When pure table sugar (sucrose) is heated to about 365ºF it melts into a colorless liquid. On further heating it turns yellow, then light brown and in quick succession darker and darker browns. In the process it develops a unique, sweetly pungent, increasingly bitter taste. That’s caramelization. It is exploited in making a wide range of sweets, from caramel syrups to caramel candies to peanut brittle.
Caramelization entails a series of complex chemical reactions that still aren’t completely understood by chemists. But they begin when the sugar is dehydrated and end with the formation of polymers, large molecules made up of many smaller molecules bound together into long chains.
Some of these large molecules have bitter flavors and are responsible for the brown color. If the heating is carried too far, the sugar decomposes into water vapor and black carbon, as when you get too impatient while toasting a marshmallow. (Hey, kids: It should not catch fire.)
On the other hand, when small amounts of sugars or starches (which, remember, are made up of sugar units) are heated in the presence of proteins or amino acids (the building blocks of proteins), a different set of high-temperature chemical reactions takes place: the Maillard reactions, named after the French biochemist Louis Camille Maillard (1878–1936), who characterized the first step in the process.

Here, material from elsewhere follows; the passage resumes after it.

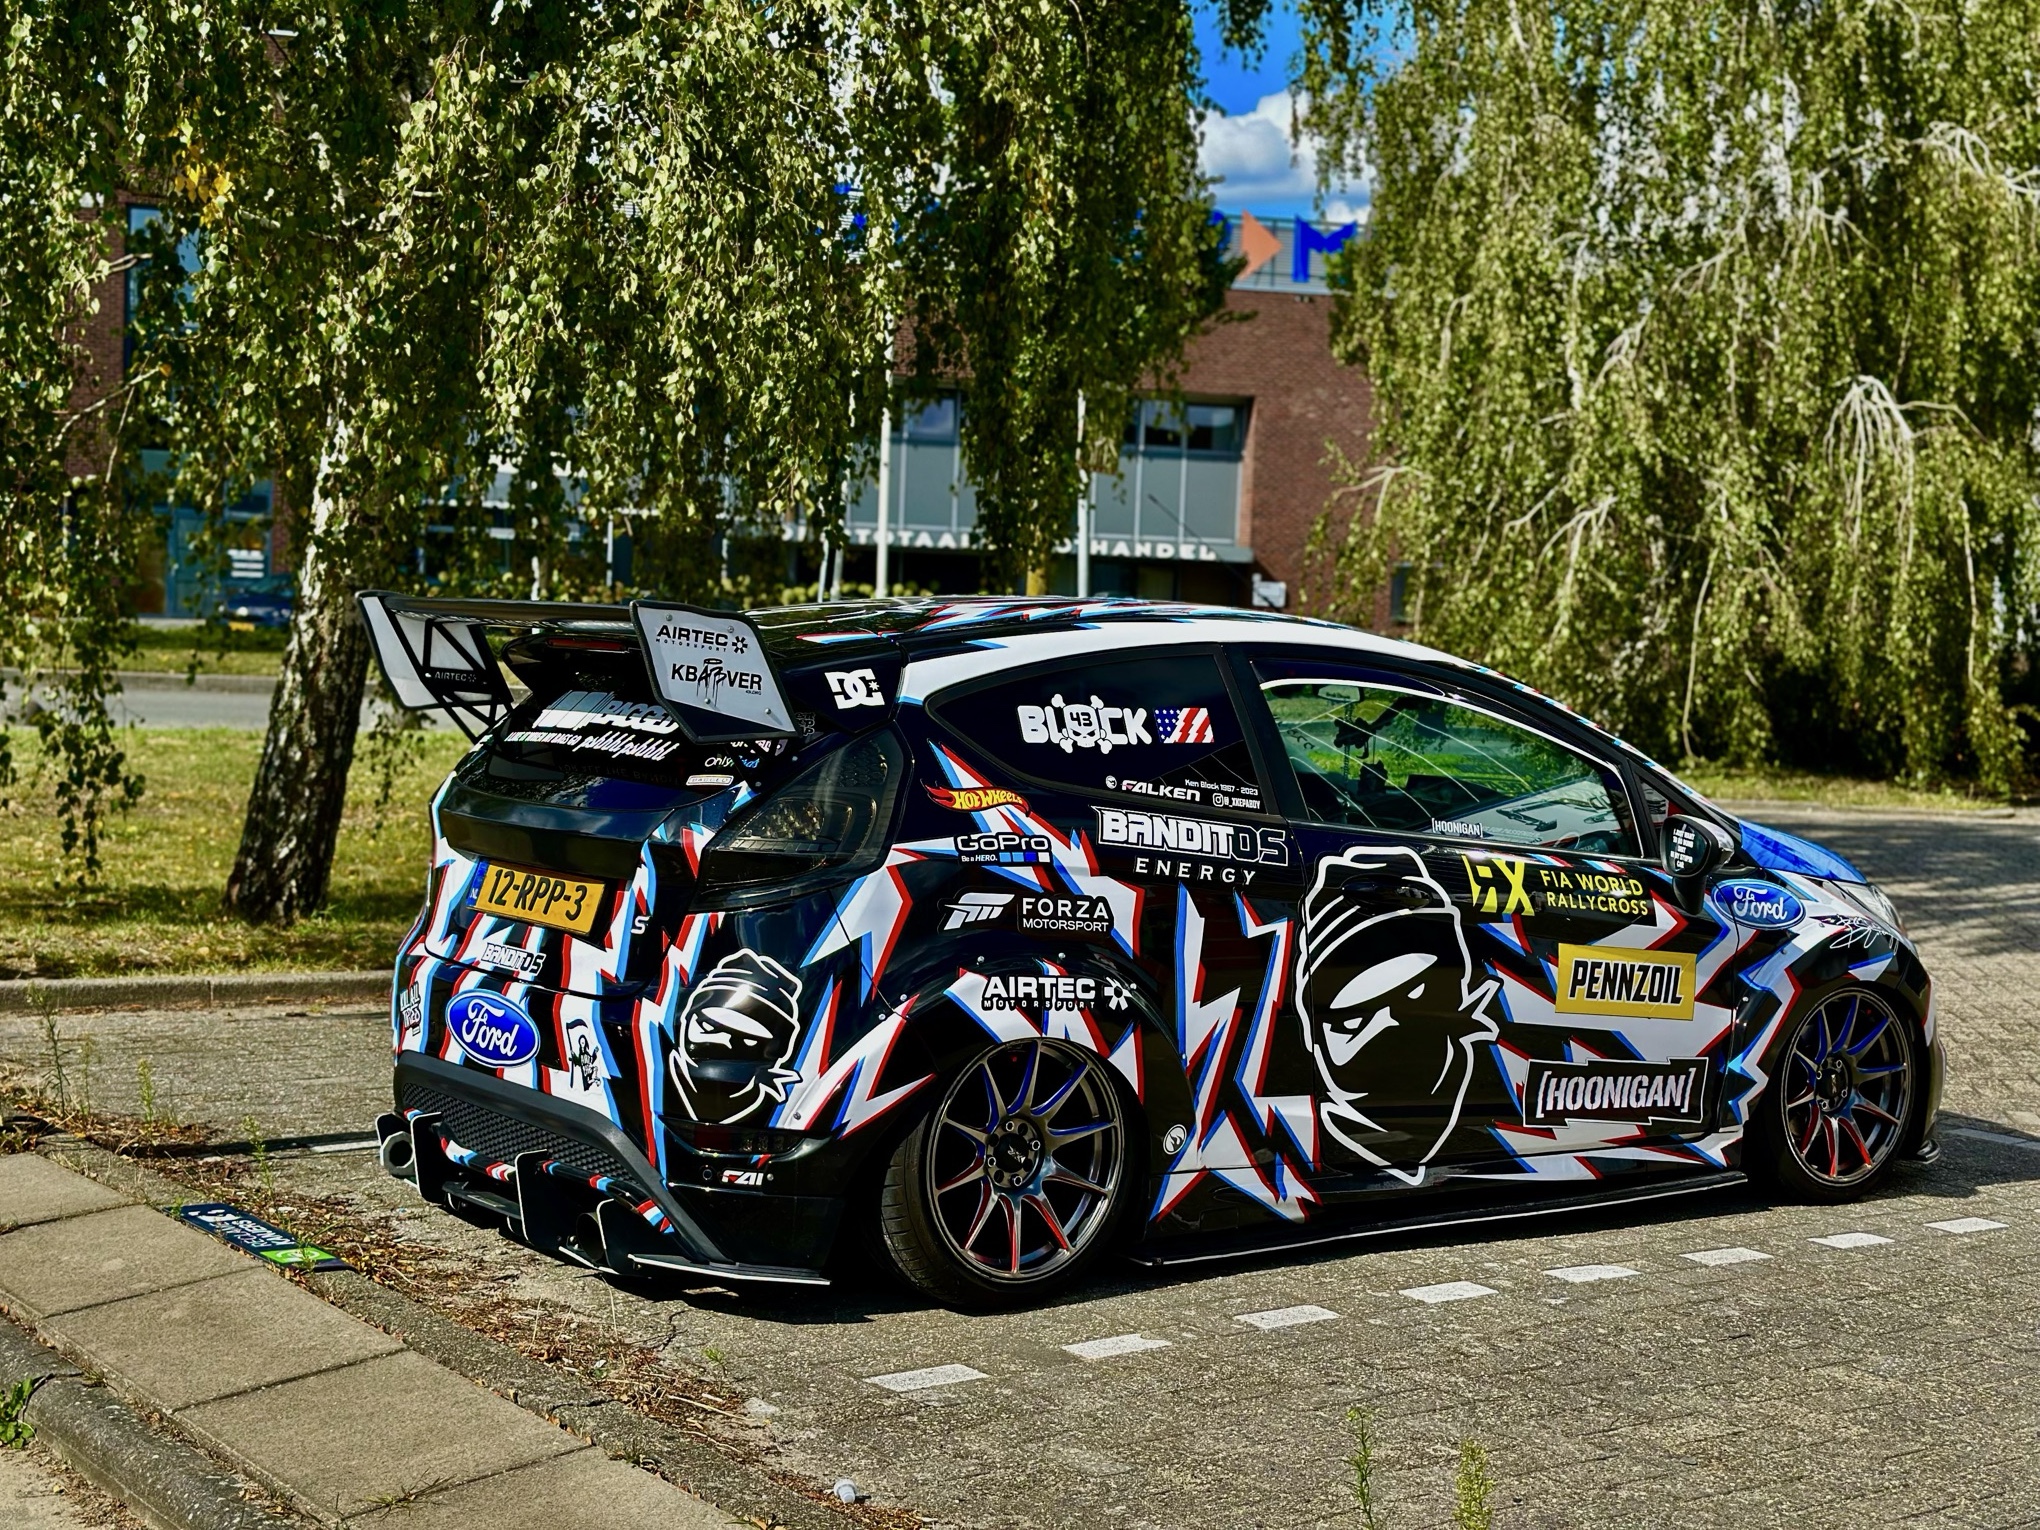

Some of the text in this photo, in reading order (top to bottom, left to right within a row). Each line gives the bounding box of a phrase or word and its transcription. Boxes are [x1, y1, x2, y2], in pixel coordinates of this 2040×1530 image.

Part of the sugar molecule (Techspeak: its aldehyde group) reacts with the nitrogen part of the protein molecule (Tech-speak: an amino group), after which follow a series of complex reactions that lead to brown polymers and many highly flavored, as-yet unidentified chemicals. Food scientists are still having international research conferences to figure out the Maillard reactions in detail.
Maillard reactions are responsible for the good flavor of heat-browned, carbohydrate-and protein-containing foods such as grilled and roasted meats (yes, there are sugars in meats), bread crusts, and onions. “Caramelized” onions do indeed taste sweet, because in addition to the Maillard reactions, heating makes some of their starch break down into free sugars, which can then truly caramelize. Moreover, many recipes for caramelized onions prime the pump by including a teaspoonful of sugar.
The moral of the story is that the word caramelization should be reserved for the browning of sugar, any kind of sugar, in the absence of protein. When sugars or starches occur together with proteins, as they do in onions, breads, and meats, the browning is mostly due to Monsieur Maillard, not to caramelization.
The “caramel color” that you see on the labels of cola soft drinks, low-quality soy sauces, and many other foods is made by heating sugar solutions with an ammonium compound. Ammonium compounds act just like the amino groups in proteins. So in a sense, the “caramel color” is really a sort of Maillard color.